In the week ended December 11, the iShares iBoxx $ High Yield Corporate Bond ETF (NYSEArca: HYG) attracted net inflows of $26.9 million while the SPDR Barclays High Yield Bond ETF (NYSEArca: JNK) brought in $128.9 million, according to ETF.com data.
The $1.9 billion outflow from junk bond funds, though, is the largest weekly drop since the $2.3 redemptions in the week ended October 21, reports Katy Burne for the Wall Street Journal. According to Barclays PLC, investors are dumping junk bonds at their fastest pace in 18 months.
Market observers believe that the sudden fall in oil prices and perceived weakness in the energy sector is exacerbating a sell-off in junk bond mutual funds that are trying to raise cash to meet redemptions.

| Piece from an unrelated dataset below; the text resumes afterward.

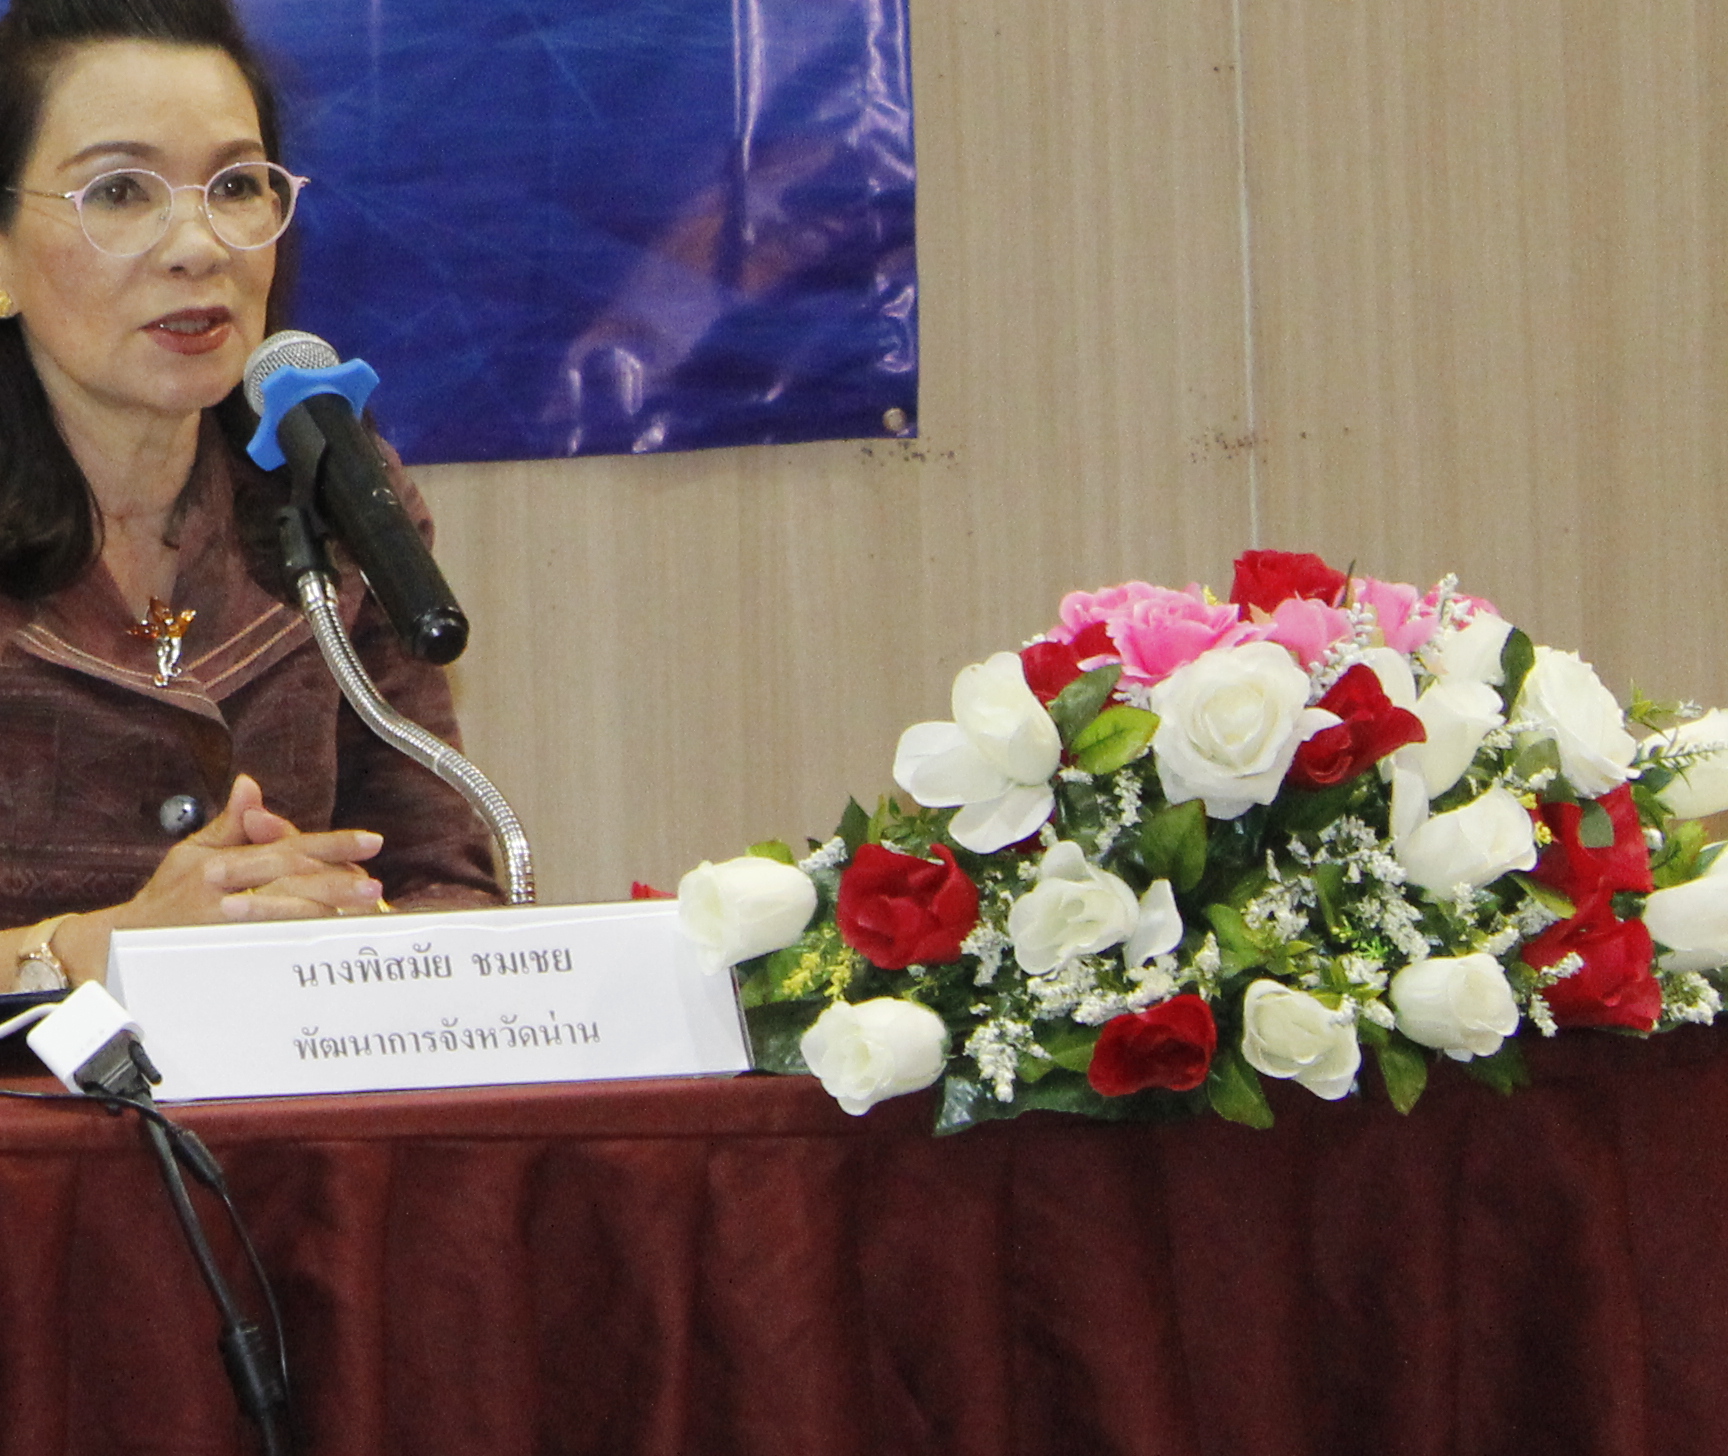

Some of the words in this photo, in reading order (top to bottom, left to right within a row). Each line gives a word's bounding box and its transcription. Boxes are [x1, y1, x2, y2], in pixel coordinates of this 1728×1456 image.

[293, 942, 452, 987] นางพิสมัย
[472, 948, 573, 976] ชมเชย
[293, 1011, 601, 1060] พัฒนาการจังหวัดน่าน

The corporate borrowing spree left some areas of the market vulnerable, namely junk bonds exposed to the energy industry. The U.S. shale oil boom has been fueled by heavy borrowing, with many companies highly leveraged as they expand drilling operations. With crude oil hovering around $60 per barrel, the lowest in five years, many of these companies will find it harder to repay their debt obligations.
“Energy is falling out of bed and will drive the entire market lower,” Riaz Haidri, head of high yield at broker dealer Cantor Fitzgerald & Co., said in the WSJ article.